• [Your assignment] Each record is to be given again without alteration.

• [Materials provided]
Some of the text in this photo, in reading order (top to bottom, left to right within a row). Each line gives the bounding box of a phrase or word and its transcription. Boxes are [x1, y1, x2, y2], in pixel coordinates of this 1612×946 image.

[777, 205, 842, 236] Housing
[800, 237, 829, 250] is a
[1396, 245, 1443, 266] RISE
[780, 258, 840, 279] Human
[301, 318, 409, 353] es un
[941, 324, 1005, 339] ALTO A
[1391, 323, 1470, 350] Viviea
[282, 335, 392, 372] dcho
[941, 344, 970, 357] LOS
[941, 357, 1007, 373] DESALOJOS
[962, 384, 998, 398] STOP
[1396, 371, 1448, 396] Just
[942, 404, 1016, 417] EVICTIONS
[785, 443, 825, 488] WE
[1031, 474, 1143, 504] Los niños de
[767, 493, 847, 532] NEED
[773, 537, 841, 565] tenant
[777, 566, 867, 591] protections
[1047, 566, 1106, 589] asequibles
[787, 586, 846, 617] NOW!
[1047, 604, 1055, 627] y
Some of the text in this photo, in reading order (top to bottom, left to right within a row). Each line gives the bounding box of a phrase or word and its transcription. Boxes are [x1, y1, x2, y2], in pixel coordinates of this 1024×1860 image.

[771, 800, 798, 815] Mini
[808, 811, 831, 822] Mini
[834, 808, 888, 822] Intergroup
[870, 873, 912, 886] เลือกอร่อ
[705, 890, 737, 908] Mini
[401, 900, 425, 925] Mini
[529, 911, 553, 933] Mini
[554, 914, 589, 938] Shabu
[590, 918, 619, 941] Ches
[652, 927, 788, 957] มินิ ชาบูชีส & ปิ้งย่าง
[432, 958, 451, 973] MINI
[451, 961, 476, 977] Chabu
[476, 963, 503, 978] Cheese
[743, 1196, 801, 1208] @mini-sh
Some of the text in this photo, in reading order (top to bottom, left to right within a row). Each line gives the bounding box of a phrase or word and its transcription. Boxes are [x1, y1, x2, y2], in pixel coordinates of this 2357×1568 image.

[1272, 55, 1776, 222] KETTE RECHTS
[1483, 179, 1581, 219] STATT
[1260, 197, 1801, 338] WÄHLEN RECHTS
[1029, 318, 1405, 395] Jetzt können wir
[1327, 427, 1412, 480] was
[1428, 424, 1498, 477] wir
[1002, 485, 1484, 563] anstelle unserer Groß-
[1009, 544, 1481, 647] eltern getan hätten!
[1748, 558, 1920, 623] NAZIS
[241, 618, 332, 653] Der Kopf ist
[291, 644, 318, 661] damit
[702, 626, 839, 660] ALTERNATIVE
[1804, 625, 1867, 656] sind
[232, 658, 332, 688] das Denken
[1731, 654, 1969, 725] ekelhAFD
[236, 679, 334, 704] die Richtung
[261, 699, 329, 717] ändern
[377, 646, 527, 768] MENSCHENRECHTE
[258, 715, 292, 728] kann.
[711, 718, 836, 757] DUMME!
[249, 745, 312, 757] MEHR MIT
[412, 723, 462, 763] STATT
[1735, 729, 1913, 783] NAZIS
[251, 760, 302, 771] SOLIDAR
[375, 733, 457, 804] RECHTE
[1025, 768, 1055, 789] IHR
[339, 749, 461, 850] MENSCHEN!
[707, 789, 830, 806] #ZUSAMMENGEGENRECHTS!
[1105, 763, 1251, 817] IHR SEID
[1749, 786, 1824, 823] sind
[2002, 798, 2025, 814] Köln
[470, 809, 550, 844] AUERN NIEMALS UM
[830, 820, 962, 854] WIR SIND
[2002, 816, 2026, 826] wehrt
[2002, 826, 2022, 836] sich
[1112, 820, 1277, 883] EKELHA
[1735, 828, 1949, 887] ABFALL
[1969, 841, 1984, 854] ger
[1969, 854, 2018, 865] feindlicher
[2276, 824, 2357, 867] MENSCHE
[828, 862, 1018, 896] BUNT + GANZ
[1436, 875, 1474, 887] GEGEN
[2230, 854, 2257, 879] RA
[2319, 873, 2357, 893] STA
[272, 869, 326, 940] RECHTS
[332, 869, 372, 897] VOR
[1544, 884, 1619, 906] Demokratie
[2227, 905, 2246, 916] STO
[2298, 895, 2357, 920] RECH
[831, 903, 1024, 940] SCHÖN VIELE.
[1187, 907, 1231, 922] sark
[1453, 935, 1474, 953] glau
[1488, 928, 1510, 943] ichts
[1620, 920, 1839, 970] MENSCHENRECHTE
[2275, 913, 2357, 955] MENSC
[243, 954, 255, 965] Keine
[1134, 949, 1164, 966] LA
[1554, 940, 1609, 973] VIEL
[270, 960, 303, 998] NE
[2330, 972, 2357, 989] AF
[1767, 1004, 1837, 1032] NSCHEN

• [Output below]
Some of the text in this photo, in reading order (top to bottom, left to right within a row). Each line gives the bounding box of a phrase or word and its transcription. Boxes are [x1, y1, x2, y2], in pixel coordinates of this 1612×946 image.

[777, 205, 842, 236] Housing
[800, 237, 829, 250] is a
[1396, 245, 1443, 266] RISE
[780, 258, 840, 279] Human
[301, 318, 409, 353] es un
[941, 324, 1005, 339] ALTO A
[1391, 323, 1470, 350] Viviea
[282, 335, 392, 372] dcho
[941, 344, 970, 357] LOS
[941, 357, 1007, 373] DESALOJOS
[962, 384, 998, 398] STOP
[1396, 371, 1448, 396] Just
[942, 404, 1016, 417] EVICTIONS
[785, 443, 825, 488] WE
[1031, 474, 1143, 504] Los niños de
[767, 493, 847, 532] NEED
[773, 537, 841, 565] tenant
[777, 566, 867, 591] protections
[1047, 566, 1106, 589] asequibles
[787, 586, 846, 617] NOW!
[1047, 604, 1055, 627] y
Some of the text in this photo, in reading order (top to bottom, left to right within a row). Each line gives the bounding box of a phrase or word and its transcription. Boxes are [x1, y1, x2, y2], in pixel coordinates of this 1024×1860 image.

[771, 800, 798, 815] Mini
[808, 811, 831, 822] Mini
[834, 808, 888, 822] Intergroup
[870, 873, 912, 886] เลือกอร่อ
[705, 890, 737, 908] Mini
[401, 900, 425, 925] Mini
[529, 911, 553, 933] Mini
[554, 914, 589, 938] Shabu
[590, 918, 619, 941] Ches
[652, 927, 788, 957] มินิ ชาบูชีส & ปิ้งย่าง
[432, 958, 451, 973] MINI
[451, 961, 476, 977] Chabu
[476, 963, 503, 978] Cheese
[743, 1196, 801, 1208] @mini-sh
Some of the text in this photo, in reading order (top to bottom, left to right within a row). Each line gives the bounding box of a phrase or word and its transcription. Boxes are [x1, y1, x2, y2], in pixel coordinates of this 2357×1568 image.

[1272, 55, 1776, 222] KETTE RECHTS
[1483, 179, 1581, 219] STATT
[1260, 197, 1801, 338] WÄHLEN RECHTS
[1029, 318, 1405, 395] Jetzt können wir
[1327, 427, 1412, 480] was
[1428, 424, 1498, 477] wir
[1002, 485, 1484, 563] anstelle unserer Groß-
[1009, 544, 1481, 647] eltern getan hätten!
[1748, 558, 1920, 623] NAZIS
[241, 618, 332, 653] Der Kopf ist
[291, 644, 318, 661] damit
[702, 626, 839, 660] ALTERNATIVE
[1804, 625, 1867, 656] sind
[232, 658, 332, 688] das Denken
[1731, 654, 1969, 725] ekelhAFD
[236, 679, 334, 704] die Richtung
[261, 699, 329, 717] ändern
[377, 646, 527, 768] MENSCHENRECHTE
[258, 715, 292, 728] kann.
[711, 718, 836, 757] DUMME!
[249, 745, 312, 757] MEHR MIT
[412, 723, 462, 763] STATT
[1735, 729, 1913, 783] NAZIS
[251, 760, 302, 771] SOLIDAR
[375, 733, 457, 804] RECHTE
[1025, 768, 1055, 789] IHR
[339, 749, 461, 850] MENSCHEN!
[707, 789, 830, 806] #ZUSAMMENGEGENRECHTS!
[1105, 763, 1251, 817] IHR SEID
[1749, 786, 1824, 823] sind
[2002, 798, 2025, 814] Köln
[470, 809, 550, 844] AUERN NIEMALS UM
[830, 820, 962, 854] WIR SIND
[2002, 816, 2026, 826] wehrt
[2002, 826, 2022, 836] sich
[1112, 820, 1277, 883] EKELHA
[1735, 828, 1949, 887] ABFALL
[1969, 841, 1984, 854] ger
[1969, 854, 2018, 865] feindlicher
[2276, 824, 2357, 867] MENSCHE
[828, 862, 1018, 896] BUNT + GANZ
[1436, 875, 1474, 887] GEGEN
[2230, 854, 2257, 879] RA
[2319, 873, 2357, 893] STA
[272, 869, 326, 940] RECHTS
[332, 869, 372, 897] VOR
[1544, 884, 1619, 906] Demokratie
[2227, 905, 2246, 916] STO
[2298, 895, 2357, 920] RECH
[831, 903, 1024, 940] SCHÖN VIELE.
[1187, 907, 1231, 922] sark
[1453, 935, 1474, 953] glau
[1488, 928, 1510, 943] ichts
[1620, 920, 1839, 970] MENSCHENRECHTE
[2275, 913, 2357, 955] MENSC
[243, 954, 255, 965] Keine
[1134, 949, 1164, 966] LA
[1554, 940, 1609, 973] VIEL
[270, 960, 303, 998] NE
[2330, 972, 2357, 989] AF
[1767, 1004, 1837, 1032] NSCHEN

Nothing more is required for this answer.